BANYUMAS, MyInfo.ID – Makam Sutrimo (42), mantan Kepala Rumah Tangga (Karumga) di kediaman mantan Jampidsus Febrie Adriansyah, mendapat penjagaan polisi selama 24 jam menjelang proses ekshumasi. Makam Sutrimo yang berada di Desa Wlahar, Kecamatan Wangon, Kabupaten Banyumas, Jawa Tengah, juga ditetapkan berstatus quo.
Ekshumasi dijadwalkan berlangsung pada Rabu (12/8/2026). Penggalian kembali makam tersebut menjadi salah satu langkah penyidik untuk mendapatkan informasi forensik terkait kematian Sutrimo.
Polisi menempatkan makam dalam status quo karena jenazah Sutrimo kini menjadi barang bukti dalam perkara yang sedang disidik.
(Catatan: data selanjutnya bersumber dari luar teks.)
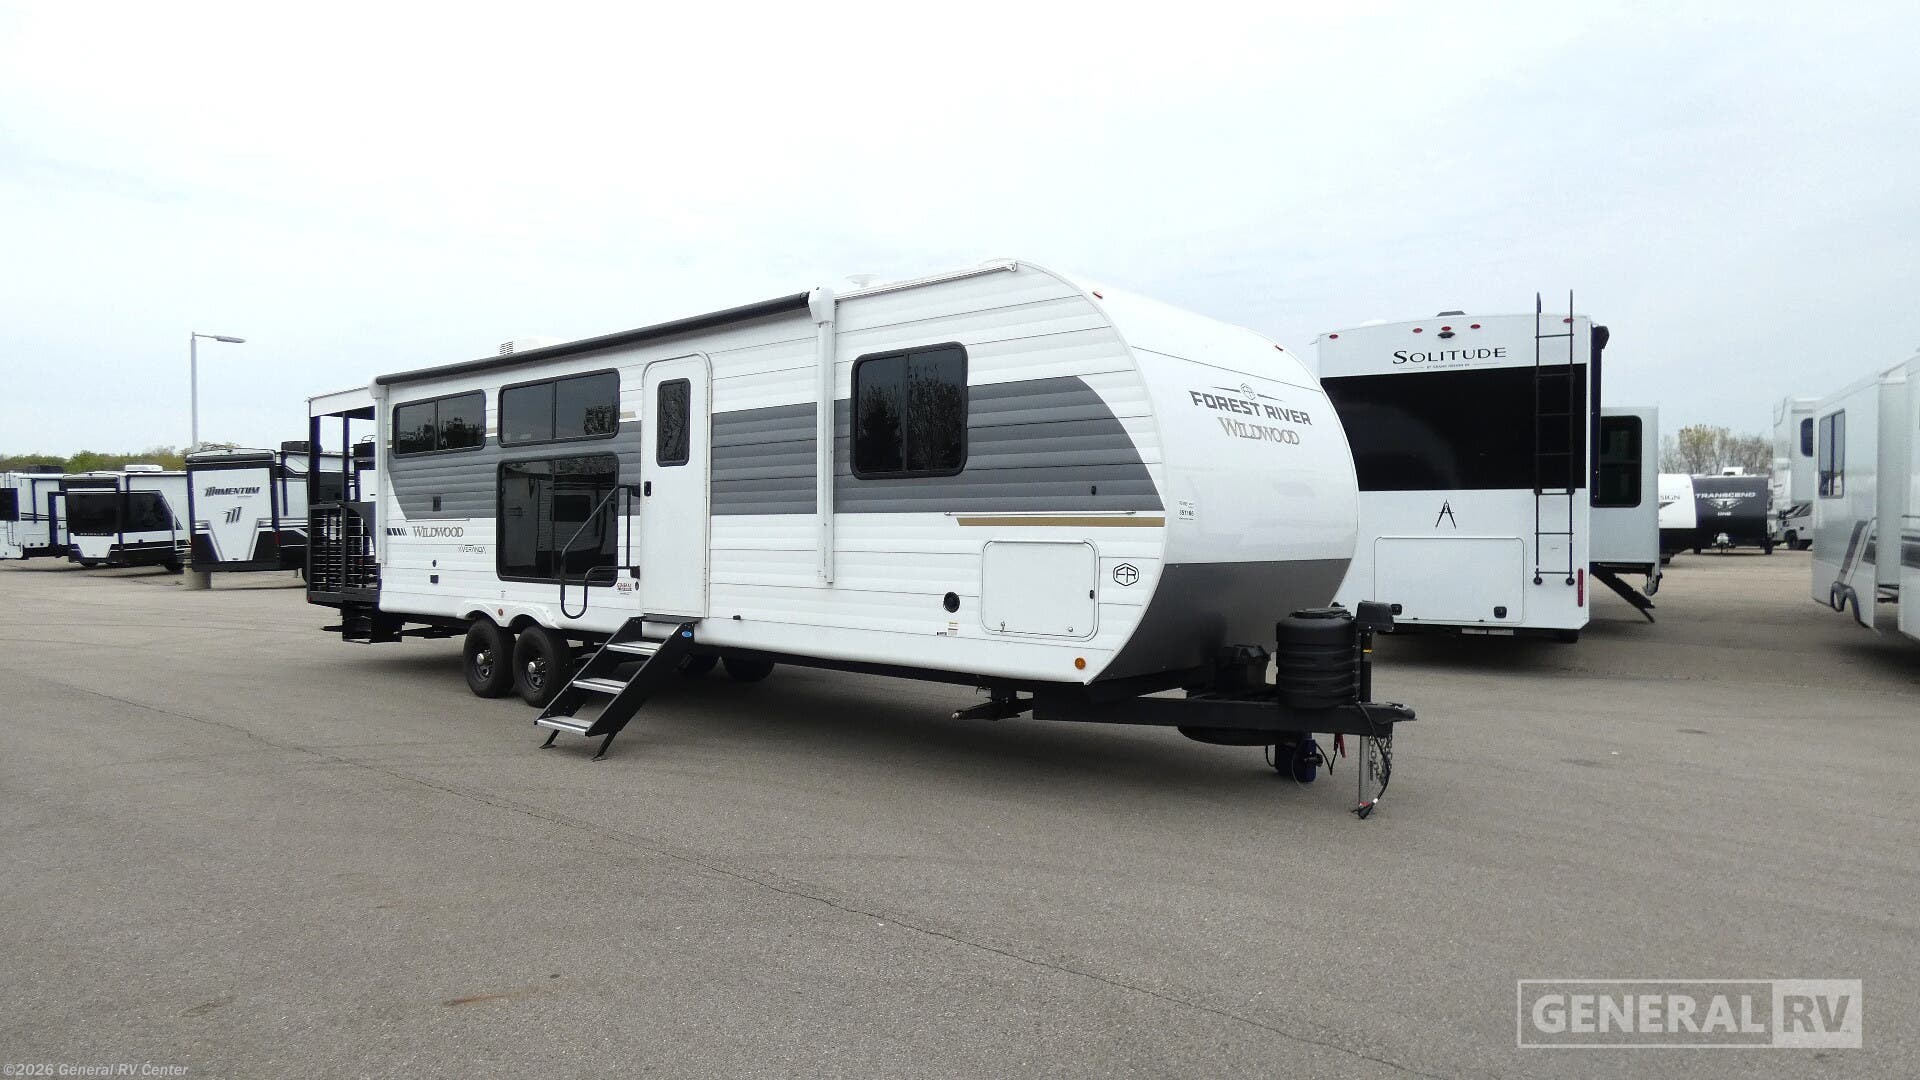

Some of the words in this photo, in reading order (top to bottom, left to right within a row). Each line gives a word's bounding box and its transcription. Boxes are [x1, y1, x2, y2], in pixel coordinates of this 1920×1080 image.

[1392, 347, 1507, 365] SOLITUDE
[1188, 390, 1261, 417] FOREST
[1263, 404, 1313, 426] RIVER
[1217, 416, 1300, 446] WILDWOOD
[205, 486, 261, 497] MOMENTUM
[1695, 491, 1757, 499] TRANSCEND
[412, 525, 464, 538] WILDWOOD
[1115, 565, 1137, 584] FR
Penjagaan dilakukan untuk memastikan kondisi jenazah dan makam tetap terjaga hingga proses ekshumasi serta autopsi dilaksanakan.
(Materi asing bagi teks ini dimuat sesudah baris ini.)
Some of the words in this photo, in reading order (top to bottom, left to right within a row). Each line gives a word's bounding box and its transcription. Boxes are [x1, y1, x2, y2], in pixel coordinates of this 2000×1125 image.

Kapolresta Banyumas Kombes Petrus Silalahi membenarkan adanya pengamanan di makam Sutrimo. Menurut dia, penjagaan dilakukan karena jenazah yang berada di dalam makam merupakan bagian dari barang bukti penyidikan.
“Teknisnya, yang penting kita menyampaikan bahwasannya makamnya kita jaga. Bagian yang akan diekshumasi itu adalah jenazah. Jenazah itu merupakan barang bukti,” kata Petrus saat dihubungi wartawan melalui telepon, Selasa (11/8/2026).
Status quo diberlakukan untuk menjaga agar tidak terjadi perubahan terhadap kondisi barang bukti sebelum penyidik melakukan pemeriksaan lebih lanjut.
“Barang bukti itu kemudian kita status quo, status quo dengan cara kita jaga 24 jam,” ujarnya.
Petrus tidak menjelaskan secara rinci jumlah anggota yang ditugaskan menjaga makam. Ia hanya memastikan personel ditempatkan untuk mengawasi lokasi sepanjang waktu hingga proses ekshumasi dilakukan.
Penetapan status quo terhadap makam Sutrimo bukan berarti keluarga maupun masyarakat dilarang datang untuk berziarah. Polisi tetap memberikan ruang bagi keluarga atau warga yang hendak mendatangi makam.